The task ▸ Write out the records once more, exactly as given.

Information supplied ▸
◇ ◇ ◇ ◇ ◇

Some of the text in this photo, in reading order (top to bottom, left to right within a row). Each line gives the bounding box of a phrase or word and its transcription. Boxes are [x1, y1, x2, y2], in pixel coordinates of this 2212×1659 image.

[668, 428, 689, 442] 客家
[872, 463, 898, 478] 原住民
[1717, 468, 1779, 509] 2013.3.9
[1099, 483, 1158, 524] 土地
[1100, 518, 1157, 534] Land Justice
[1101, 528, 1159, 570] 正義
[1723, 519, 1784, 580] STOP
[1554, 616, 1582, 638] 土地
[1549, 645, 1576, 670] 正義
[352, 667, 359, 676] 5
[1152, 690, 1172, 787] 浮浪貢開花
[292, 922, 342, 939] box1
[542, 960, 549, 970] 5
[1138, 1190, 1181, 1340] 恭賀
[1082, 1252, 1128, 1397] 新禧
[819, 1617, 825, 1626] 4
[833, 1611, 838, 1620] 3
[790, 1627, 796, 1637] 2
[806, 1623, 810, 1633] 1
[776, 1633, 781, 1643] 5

◇ ◇ ◇ ◇ ◇

Exercise answer ▸
Some of the text in this photo, in reading order (top to bottom, left to right within a row). Each line gives the bounding box of a phrase or word and its transcription. Boxes are [x1, y1, x2, y2], in pixel coordinates of this 2212×1659 image.

[668, 428, 689, 442] 客家
[872, 463, 898, 478] 原住民
[1717, 468, 1779, 509] 2013.3.9
[1099, 483, 1158, 524] 土地
[1100, 518, 1157, 534] Land Justice
[1101, 528, 1159, 570] 正義
[1723, 519, 1784, 580] STOP
[1554, 616, 1582, 638] 土地
[1549, 645, 1576, 670] 正義
[352, 667, 359, 676] 5
[1152, 690, 1172, 787] 浮浪貢開花
[292, 922, 342, 939] box1
[542, 960, 549, 970] 5
[1138, 1190, 1181, 1340] 恭賀
[1082, 1252, 1128, 1397] 新禧
[819, 1617, 825, 1626] 4
[833, 1611, 838, 1620] 3
[790, 1627, 796, 1637] 2
[806, 1623, 810, 1633] 1
[776, 1633, 781, 1643] 5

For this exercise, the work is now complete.